Plaintiff’s Hearing Testimony
Plaintiff testified at her hearing as follows: Plaintiff lived in a house with her
husband, although she and her husband did not get along or interact. (Tr. 35.) She
had an associates degree in computer information systems, as well as numerous
certifications in information technology. (Tr. 38.) She suffered a disassociation
disorder; that is, she suffered episodes where she lost awareness of time and had no
memory of periods of time. (Tr. 47.) These episodes occurred weekly. (Tr. 47.) Her
doctors associated the problem with post-traumatic stress. (Tr. 49.) She had a driver’s
license but she had not driven in two years because she had, on various occasions, lost
awareness of her surroundings or destination while driving. (TR. 36.) One on
occasion, she drove from Cleveland to Toledo without realizing it, and on another she
hit and severely injured another person. (Tr. 37.)

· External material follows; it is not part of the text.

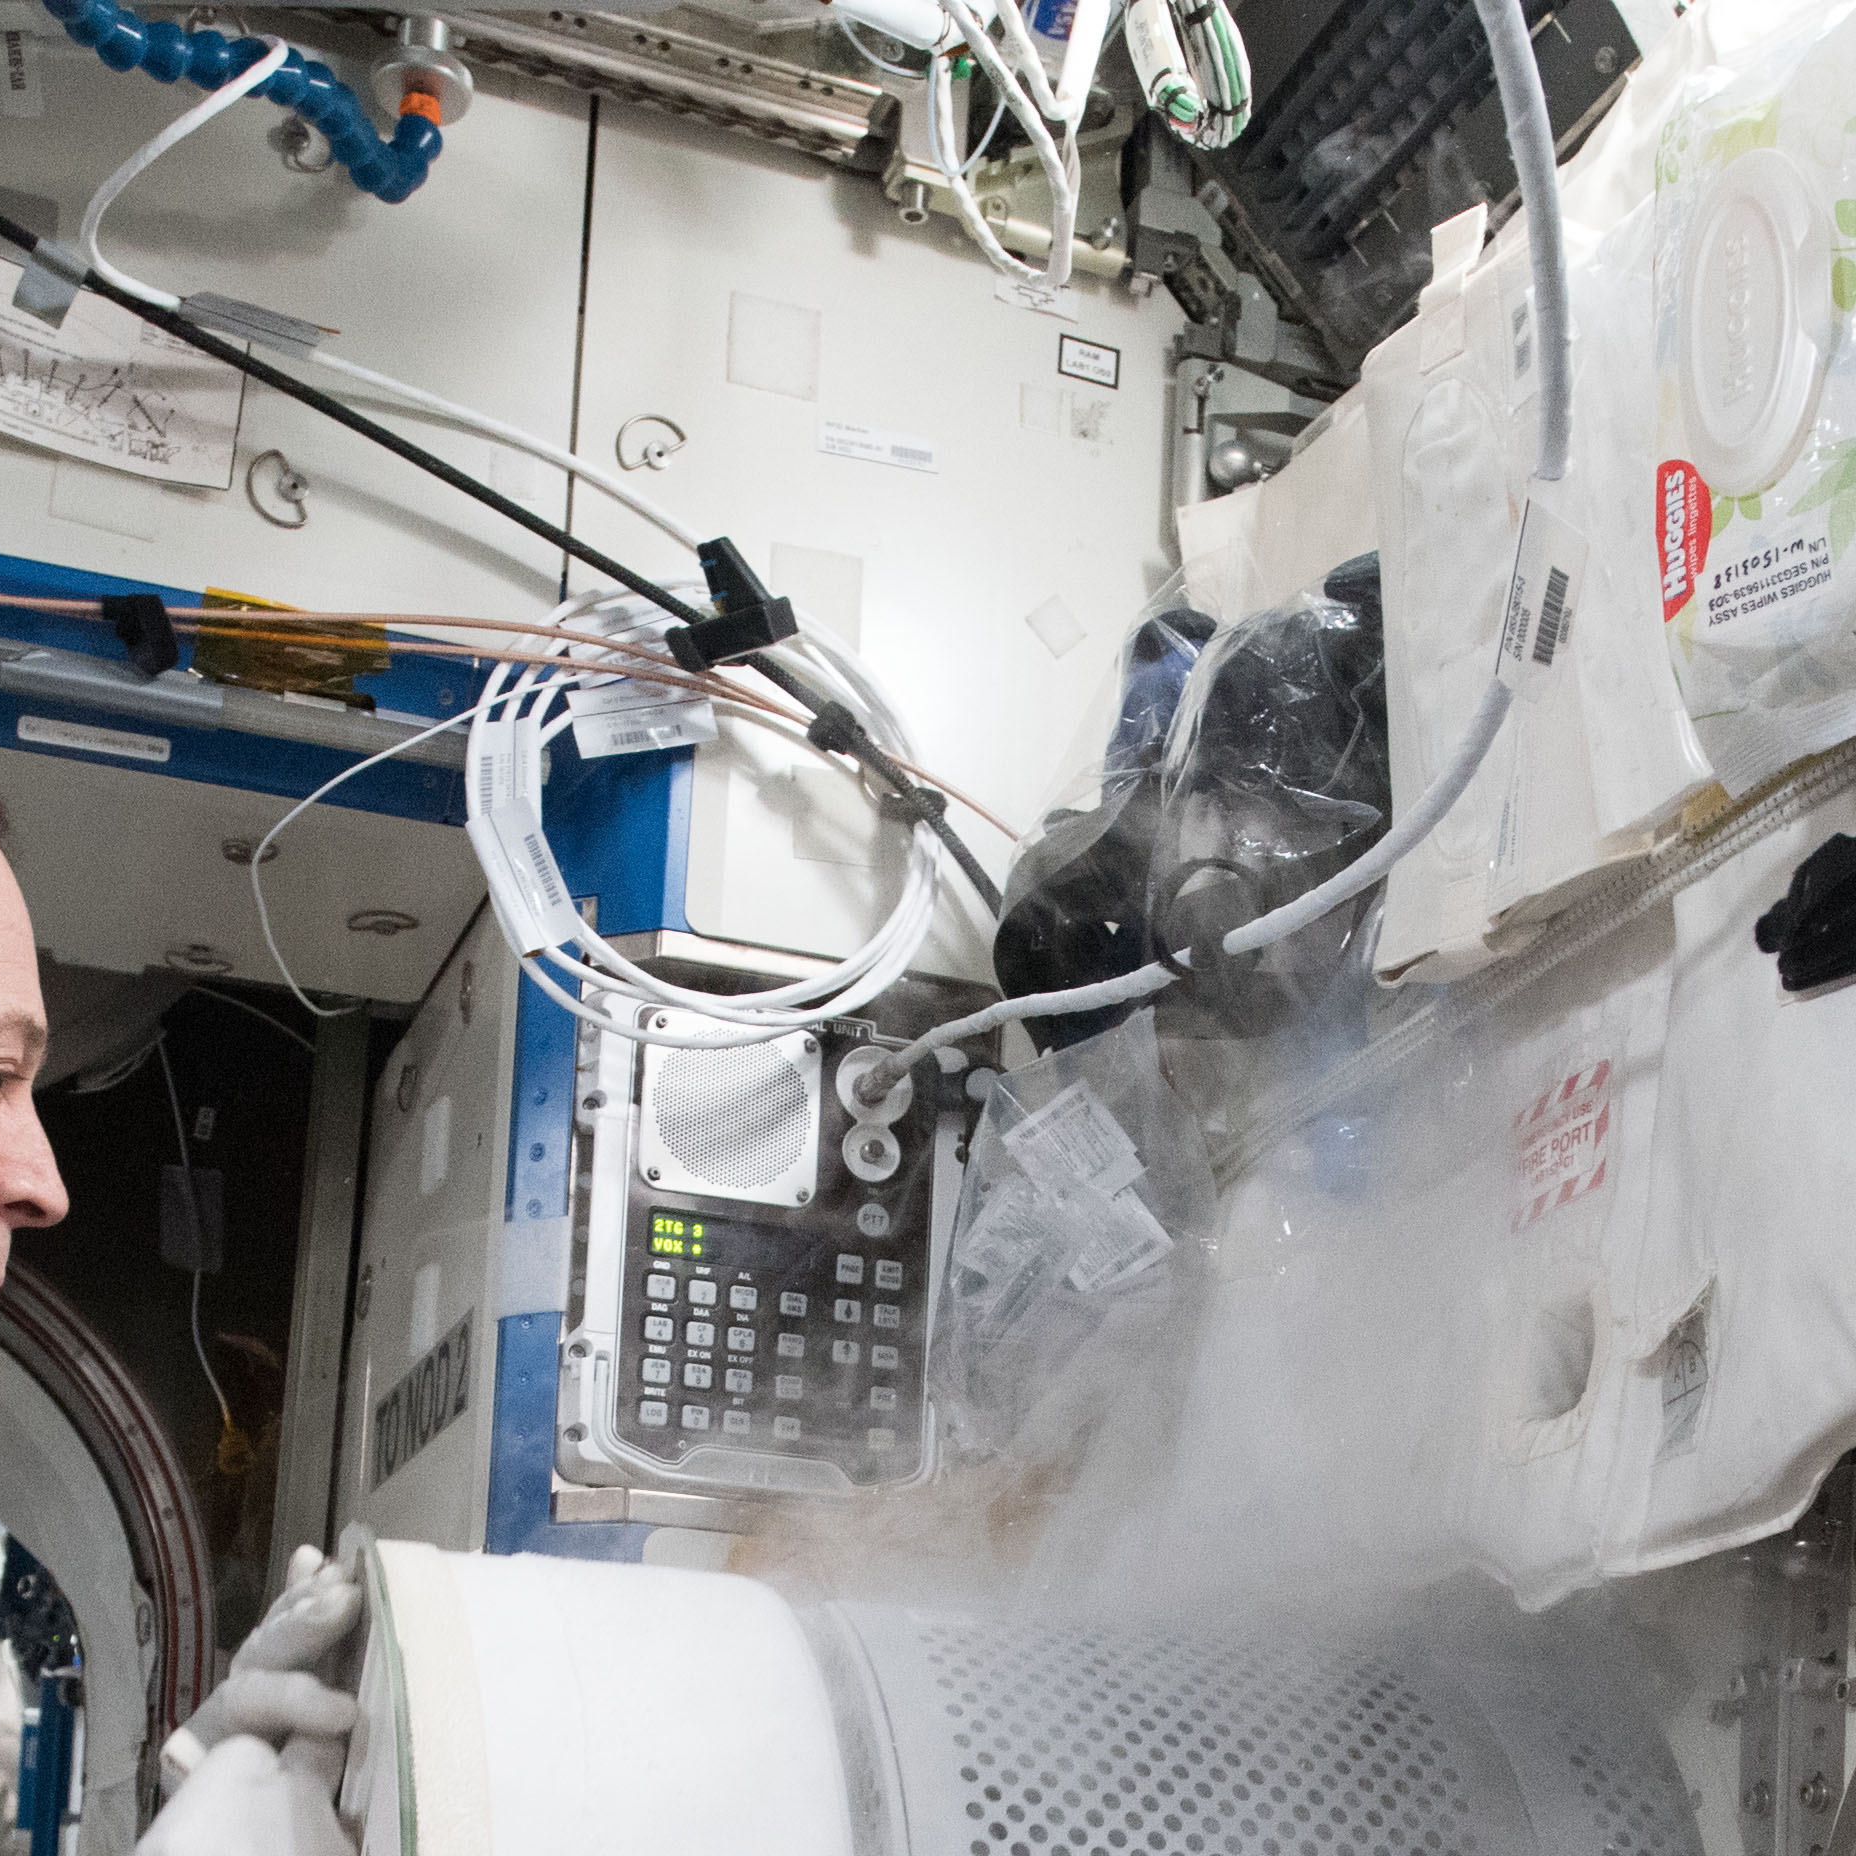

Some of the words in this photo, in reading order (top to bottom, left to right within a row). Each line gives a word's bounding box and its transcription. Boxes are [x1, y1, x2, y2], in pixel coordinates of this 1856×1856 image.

Plaintiff lacked concentration and memory. (Tr. 5.4) She suffered nightmares
every night. (Tr. 50.) She could not sleep unless she took Seroquel, and she averaged
only three hours of sleep at night. (Tr. 56.) Consequently, she was fatigued during the
day. (Tr. 56.) Plaintiff suffered depression; she cried often, lost contact with people
(including her family), avoided “calls,” and suffered panic attacks. (Tr. 51-52.) Since
she began taking new medication, she suffered panic attacks every other day; and the
panic attacks lasted for approximately five hours at a time. (Tr. 52.) She was
embarrassed by her panic attacks and she avoided situations that might trigger them
and in which people might see her. (Tr. 52-53.)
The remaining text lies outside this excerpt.